Here we are headed south on the Blue Line at the Bayfront station. As the first of the newfangled "light rail" systems, the San Diego trolley kept costs down by using existing freight rights of way and not building fancy stations, a lesson today's light rail systems could stand to learn. The platform is zero height and the tracks are paved over as well. Like I mentioned before the SDT is embarking on a project to raise the platforms so that the new low floor LRV's and their new self-service ADA ramps can be used instead of the current operator assisted lift. The 2000 series consist of Siemens SD100 LRV's and #2027 is seen here at the Bayfront station.
Wrapped SD100 #2045 at the San Ysidro International Transportation Center.
If you follow the sign you can quickly find the new and improved pedestrian route to Mexico. Because I did not have my Uncle Sam Card with me I chose not to leave fare control at this time.
Also present at the border is the San Diego and Arizona Eastern Railway, which was built in the early 20th Century to provide San Diego with a direct eastward rail link to avoid having to send traffic north 200 miles through LA. The only way to build the line through the impassible terrain east of the City was to go into Mexico and over the years as this sort of local rail traffic fell and short lines took over there is no longer any cross-border rail traffic, at least at the San Diego end. What does exist is a huge fortified gate that looks like something from a dystopian Sci Fi novel. Interesting to note that the San Ysidro freight station has a box car pulled up to the platform.

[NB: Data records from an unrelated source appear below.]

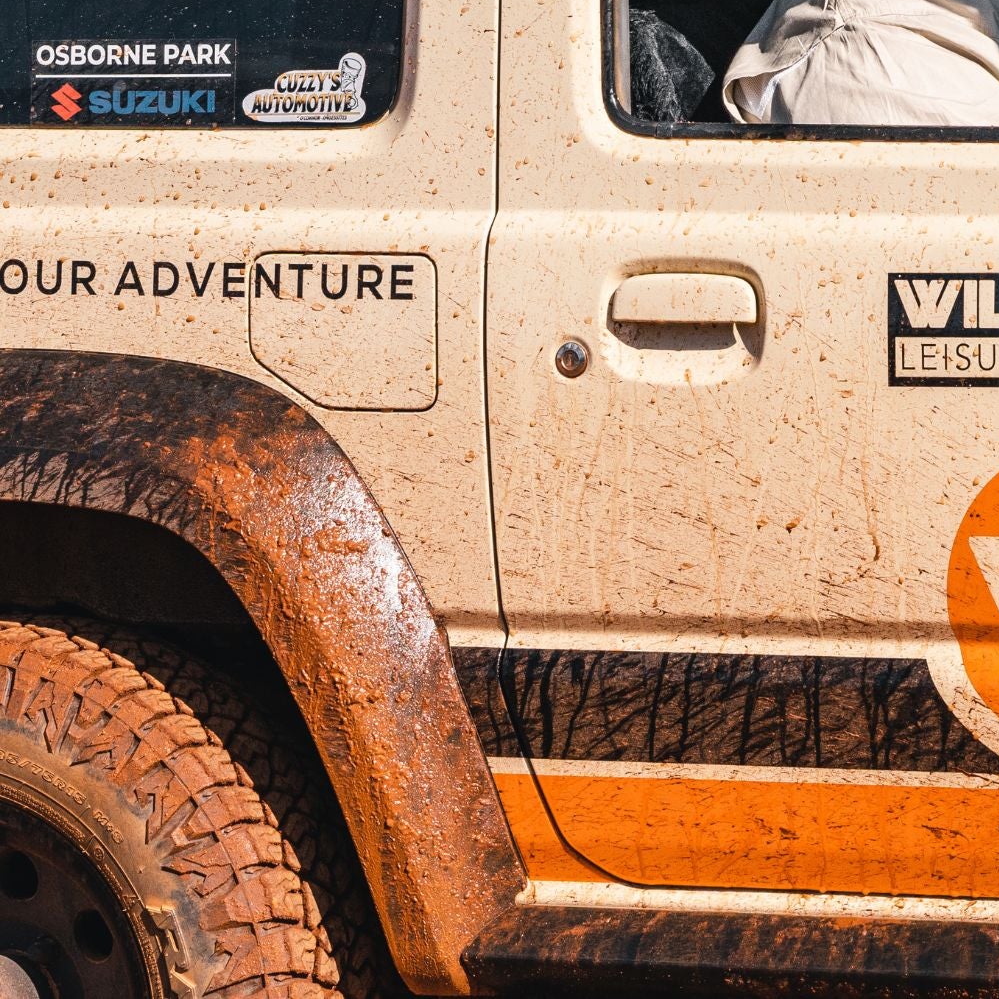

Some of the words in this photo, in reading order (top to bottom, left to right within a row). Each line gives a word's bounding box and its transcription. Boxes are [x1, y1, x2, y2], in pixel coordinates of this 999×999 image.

[36, 44, 156, 66] OSBORNE
[163, 43, 231, 65] PARK
[276, 72, 341, 93] CUZZY'S
[88, 89, 216, 115] SUZUKI
[251, 92, 353, 113] AUTOMOTIVE
[0, 259, 97, 296] OUR
[114, 261, 414, 300] ADVENTURE
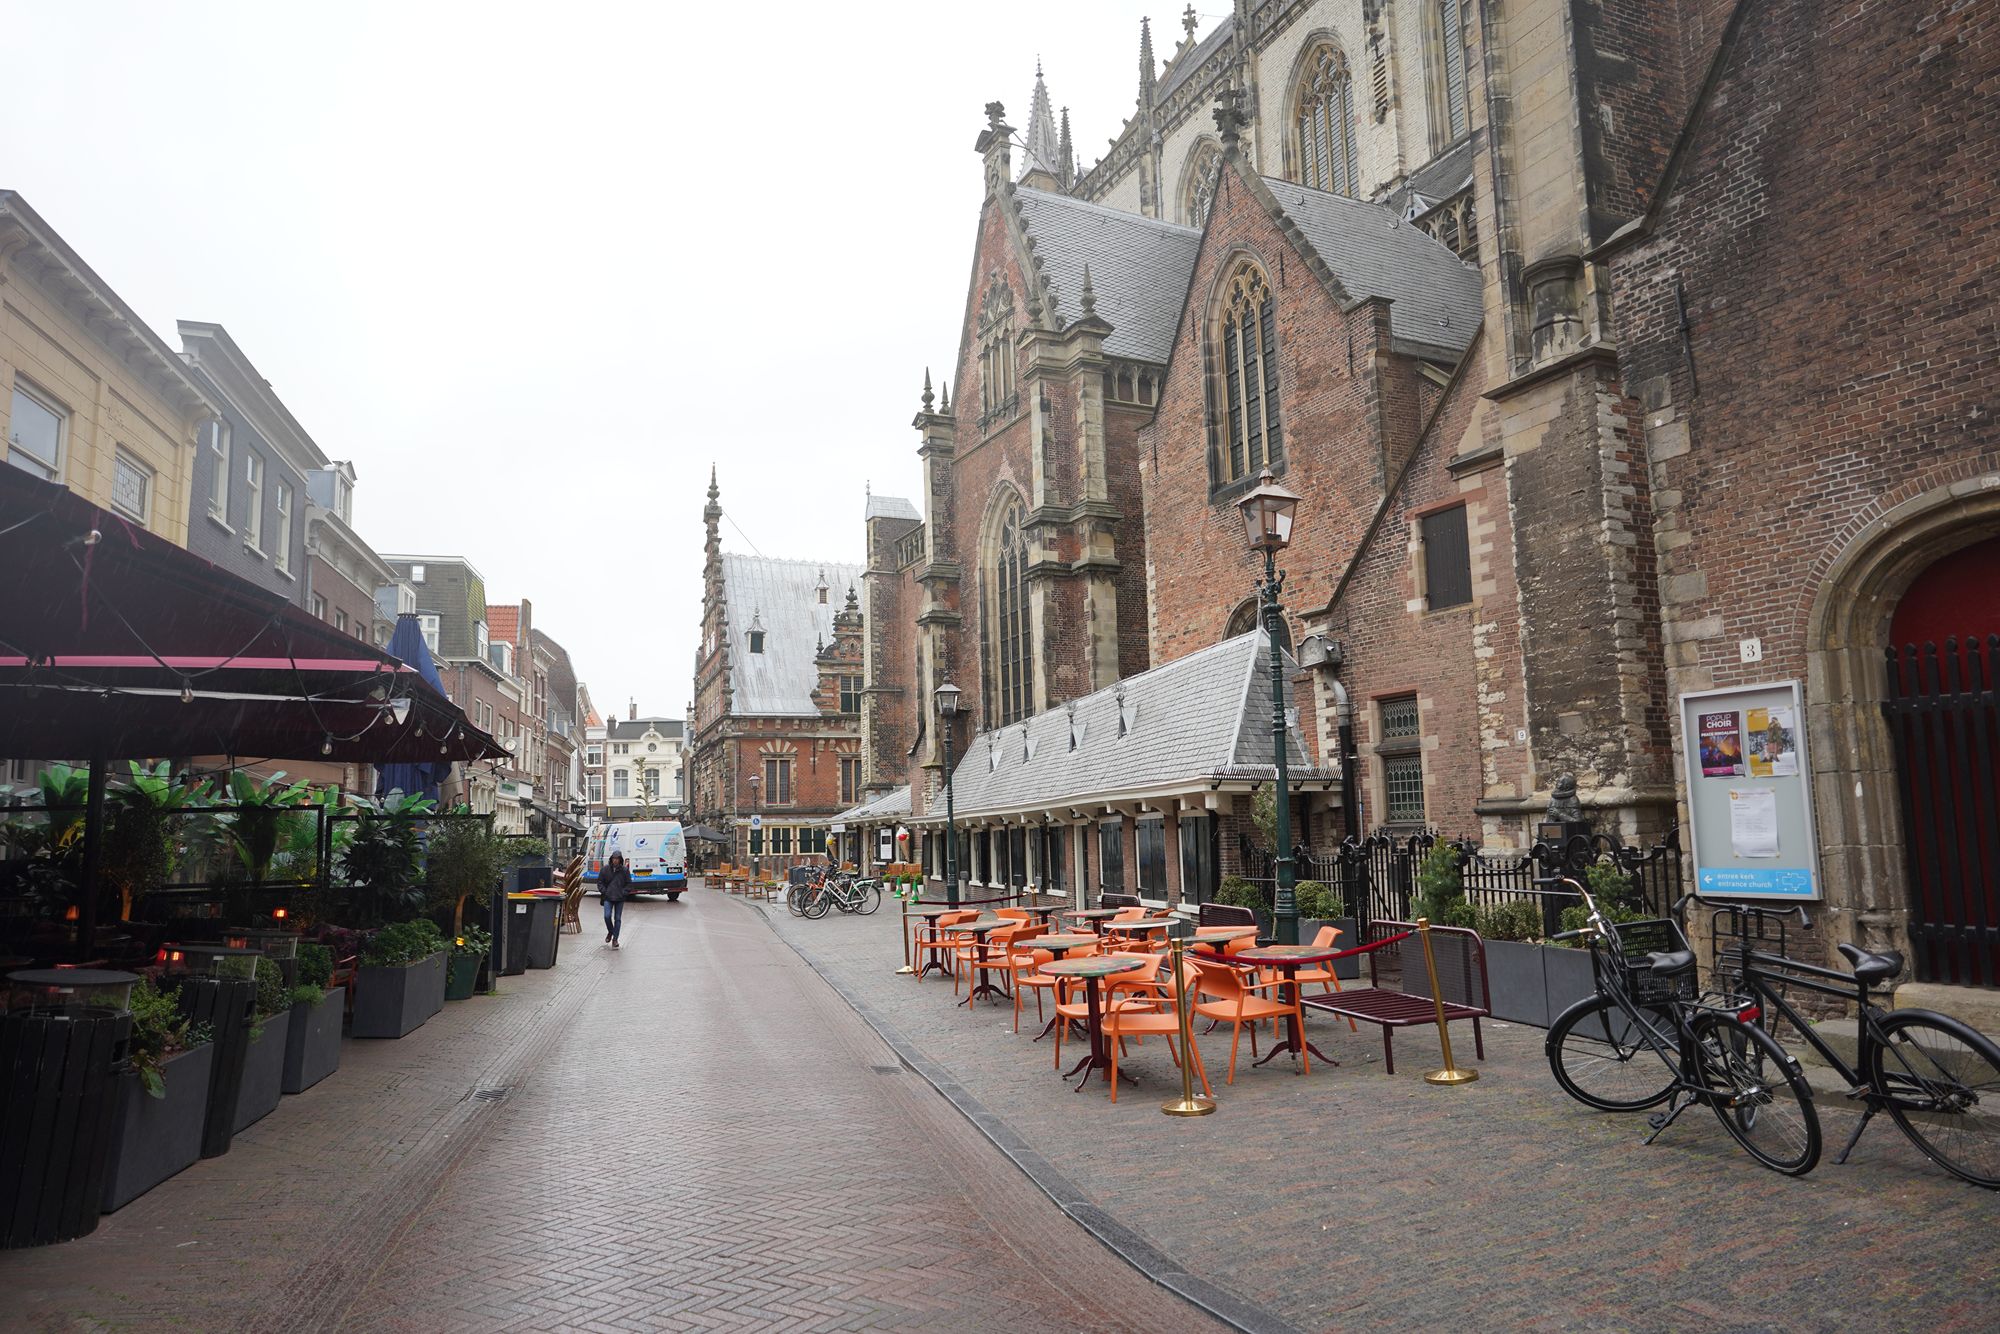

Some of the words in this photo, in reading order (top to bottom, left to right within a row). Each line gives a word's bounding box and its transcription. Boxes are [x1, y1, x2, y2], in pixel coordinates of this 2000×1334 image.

[1746, 644, 1755, 657] 3
[1706, 714, 1731, 722] POPUP
[1706, 720, 1732, 728] CHOIR
[1748, 881, 1773, 889] church

Mexican Flag flying over the border crossing. I thought I was going to get all kind of harassment trying to take pictures from the end of the SDAE rail line, but when I approached a Border Patrol vehicle to ask permission there was nobody inside and I was able to take all the pictures I wanted without incident. Compare to earlier this week in Newport News, VA where a local cop bitched me out for taking pictures from a public grade crossing because of "terrorism".
New Toll booths and vehicle inspection areas were under construction at the San Ysidro border crossing. This is where Interstate 5 begins/terminates.

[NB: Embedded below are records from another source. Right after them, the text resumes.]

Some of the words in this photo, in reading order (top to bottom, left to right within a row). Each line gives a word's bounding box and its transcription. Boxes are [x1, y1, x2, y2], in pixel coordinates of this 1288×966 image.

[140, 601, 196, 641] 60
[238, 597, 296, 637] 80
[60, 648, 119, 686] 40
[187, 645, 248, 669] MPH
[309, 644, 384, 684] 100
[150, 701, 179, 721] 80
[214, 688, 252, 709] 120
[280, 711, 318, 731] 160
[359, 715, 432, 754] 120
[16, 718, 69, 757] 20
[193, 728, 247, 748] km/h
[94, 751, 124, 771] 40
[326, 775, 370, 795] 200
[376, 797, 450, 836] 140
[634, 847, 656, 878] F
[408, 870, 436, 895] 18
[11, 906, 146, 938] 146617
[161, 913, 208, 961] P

SD100 #2013 back at the San Ysidro International Transportation Center.
Some C&S guys at work that one of the new interlocked crossovers on the Blue Line. Again, to save costs, the Blue Line was original completed with a simple ABS signaling scheme with few interlockings. In order to increase the amount of freight traffic that can be run each night after the Light Rail trains stop running the MTS spent a fair chunk of change to add more crossovers and some form of CTC,
USS Essex (LHD-2) was being refit at the San Diego naval shipyard.
#4019 at the Green Line terminal at 12th and Imperial.
End on view of #4019 at the Convention Centra station.
While waiting for the 1pm departure I went out and got some photos of my Pacific Surfliner train. F59PHI #454 would be providing power that day.
Pacific Business class Surfliner #6804. The Pacific Business class much better than Amtrak's usual take on the subject with a complimentary newspaper, snack pack and beverage which can include wine. Yum yum.
Surfliner cab car #6906. Yes that is a normal Superliner coach back in the consist.
I will leave you with this nice Santa Fe tilework inside the Santa Fe depot.